Exercise material START

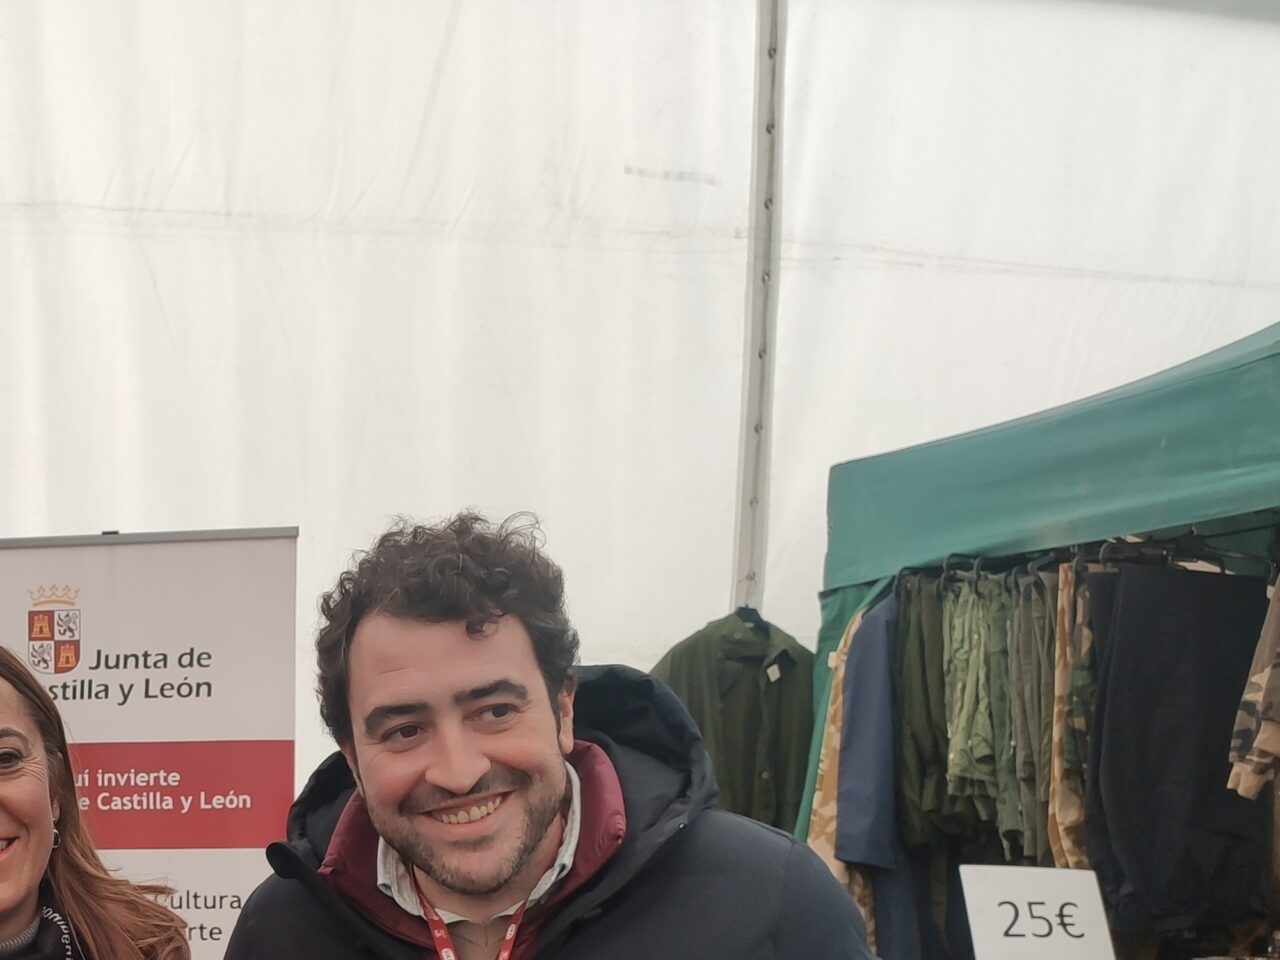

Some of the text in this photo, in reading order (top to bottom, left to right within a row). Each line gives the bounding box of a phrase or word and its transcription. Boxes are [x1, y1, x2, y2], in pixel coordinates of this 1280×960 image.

[88, 647, 213, 671] Junta de
[48, 676, 213, 706] stilla y León
[96, 768, 181, 788] invierte
[96, 791, 174, 811] Castilla
[180, 795, 193, 814] y
[199, 790, 252, 811] León
[997, 900, 1085, 939] 25€

Exercise material END

Work order: Could you output all of the records exactly, without their pictures?

Answer space:
Some of the text in this photo, in reading order (top to bottom, left to right within a row). Each line gives the bounding box of a phrase or word and its transcription. Boxes are [x1, y1, x2, y2], in pixel coordinates of this 1280×960 image.

[88, 647, 213, 671] Junta de
[48, 676, 213, 706] stilla y León
[96, 768, 181, 788] invierte
[96, 791, 174, 811] Castilla
[180, 795, 193, 814] y
[199, 790, 252, 811] León
[997, 900, 1085, 939] 25€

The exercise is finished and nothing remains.